Overview
You're the first reliability engineer at LiteLLM, a YC-backed open-source AI gateway that routes hundreds of millions of LLM API requests daily. You'll debug memory leaks in async Python services, tune connection pools, fix race conditions, optimize hot paths, ensure cache consistency, and make the proxy self-heal when things break. You work directly with Ishaan (founder) on infrastructure that's now critical for NASA, Adobe, Netflix, and Stripe.
Role Snapshot
| Aspect | Details |
|---|---|
| Role Type | Founding Reliability & Performance Engineer |
| Sales Motion | N/A - Engineering Role |
| Deal Complexity | N/A - Engineering Role |
| Sales Cycle | N/A - Engineering Role |
| Deal Size | N/A - Engineering Role |
| Quota (est.) | N/A - Engineering Role |
Company Context
Stage: Series A (YC W23)
Size: Small team, exact headcount not disclosed
Growth: 36K+ GitHub stars, processing hundreds of millions of requests daily, rapid enterprise adoption
Market Position: Leading open-source AI gateway - infrastructure layer for LLM API management
What You'll Actually Do
Time Breakdown
Debugging/Firefighting (40%) | Performance Optimization (35%) | Architecture/Planning (25%)
Key Activities
- Hunt down memory leaks: Async Python services leak memory at scale. You'll profile heap dumps, trace object lifecycles, fix leaks in FastAPI/asyncio code that shows up only under production load.
- Tune connection pools: Postgres and Redis connections get exhausted during traffic spikes. You'll figure out optimal pool sizes, implement circuit breakers, add connection retry logic that doesn't cascade failures.
- Fix race conditions: Distributed systems have race conditions. Cache invalidation doesn't propagate correctly, request routing gets inconsistent state. You debug these with distributed tracing and fix them.
- Optimize hot paths: Latency matters when you're in the request path for LLM calls. You'll profile code, eliminate allocations, batch operations, add smarter caching - shaving milliseconds off P99 latency.
- Build self-healing: When Redis goes down or Postgres replication lags, the proxy should degrade gracefully. You'll add health checks, implement fallback logic, make the system recover automatically instead of paging you at 3am.
- On-call rotation: You're the first reliability hire. When things break in production (and they will), you're getting paged. Expect to be woken up during your first few months until you've hardened things.
The Honest Reality
What's Hard
- You're the only one: No reliability team to collaborate with. No senior engineer to review your work. You make the calls, and if you're wrong, production breaks for NASA and Netflix.

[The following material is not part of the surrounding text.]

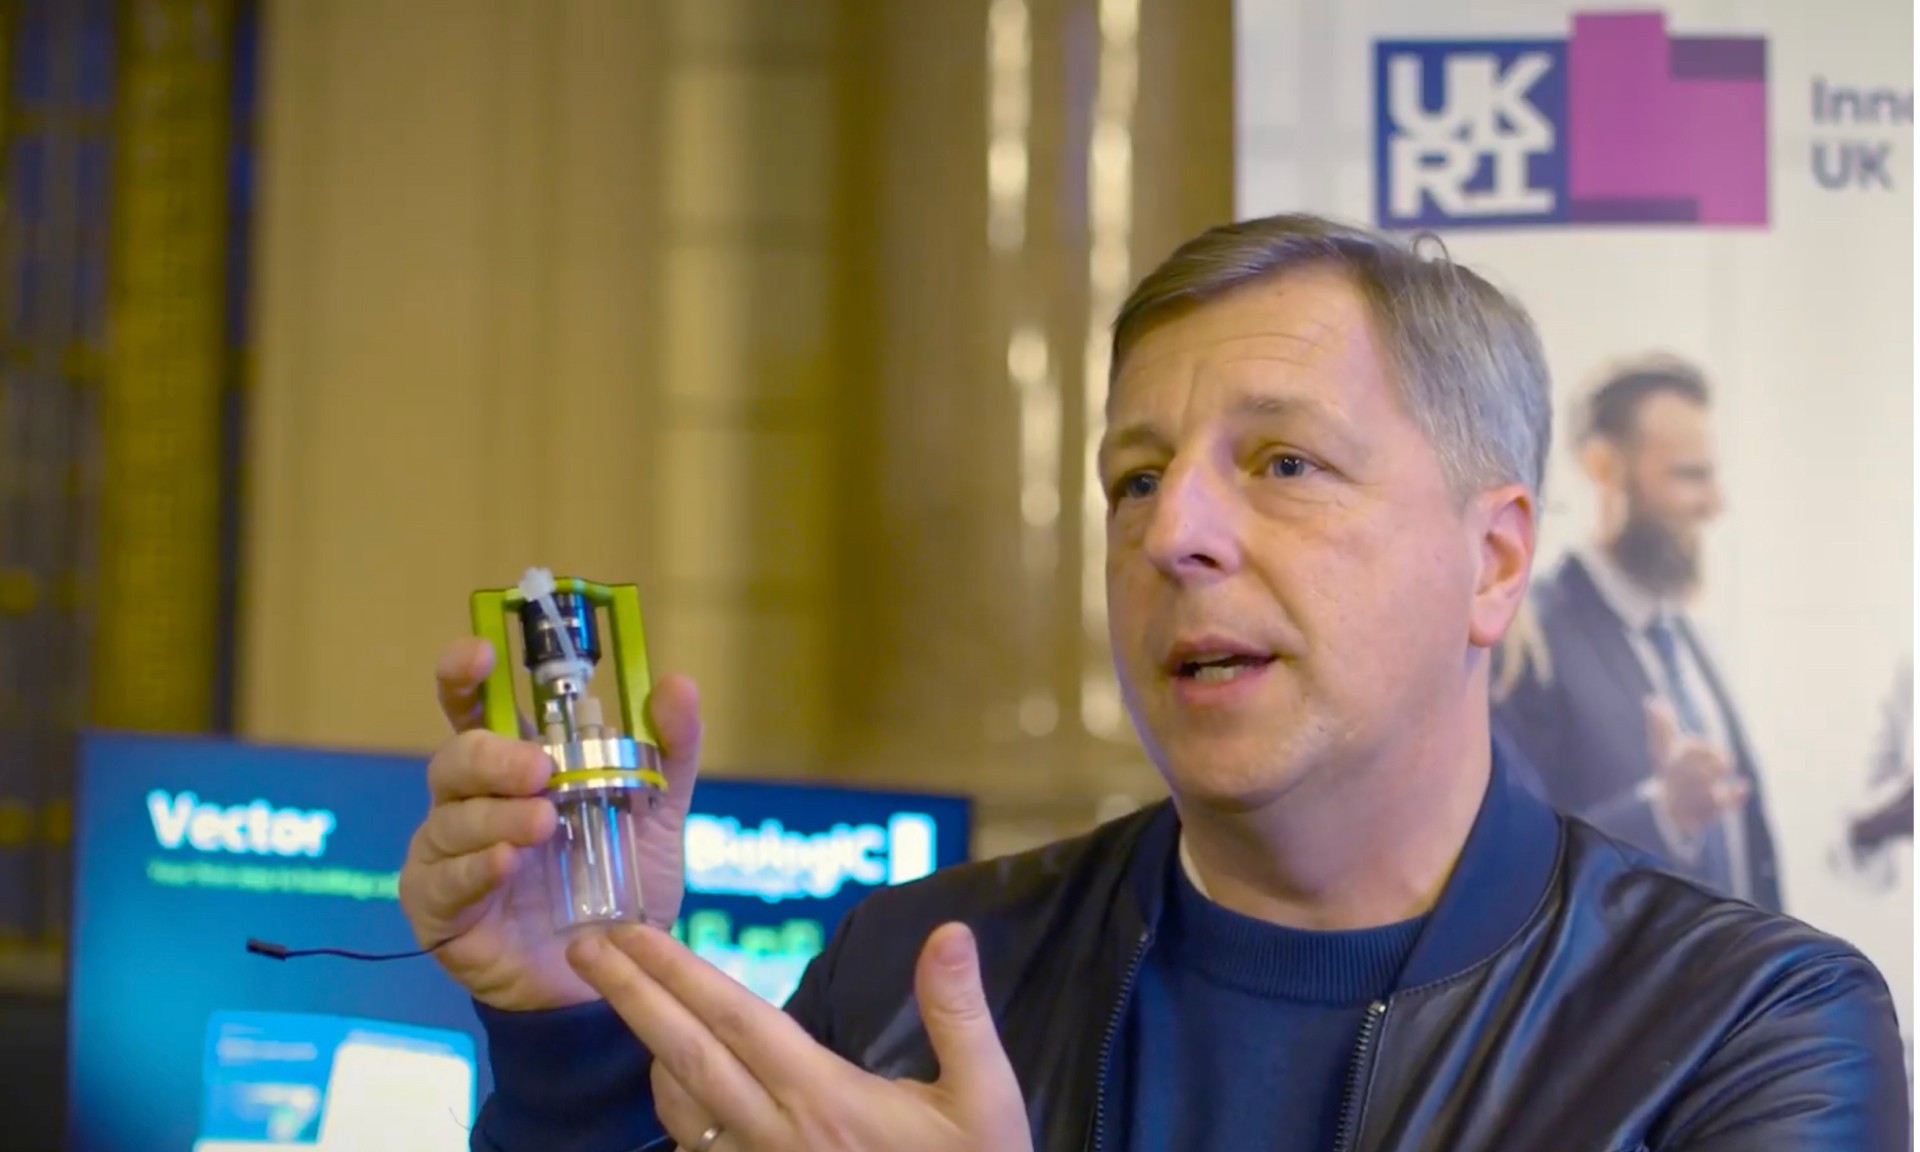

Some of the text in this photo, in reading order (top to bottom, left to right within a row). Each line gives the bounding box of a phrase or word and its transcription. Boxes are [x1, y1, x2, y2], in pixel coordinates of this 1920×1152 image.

- Production is already at scale: You're not building from scratch. The system is live, handling massive traffic. You have to debug and fix issues without breaking what's working.
- Async Python is tricky: Memory leaks in async code are hard to find. Race conditions are subtle. The stack isn't as mature as something like Go or Java for high-throughput services.
- Pager duty from day one: You'll be on-call immediately. Sleep will be interrupted. You'll be debugging production issues at odd hours until you've stabilized things.
- Fast-moving codebase: Small team shipping quickly means code quality varies. You'll spend time understanding what others built before you can fix it.
What Success Looks Like
- P99 latency stays under 100ms even during traffic spikes
- Zero-downtime deployments become routine
- Memory usage stays flat over 24-hour periods (no leaks)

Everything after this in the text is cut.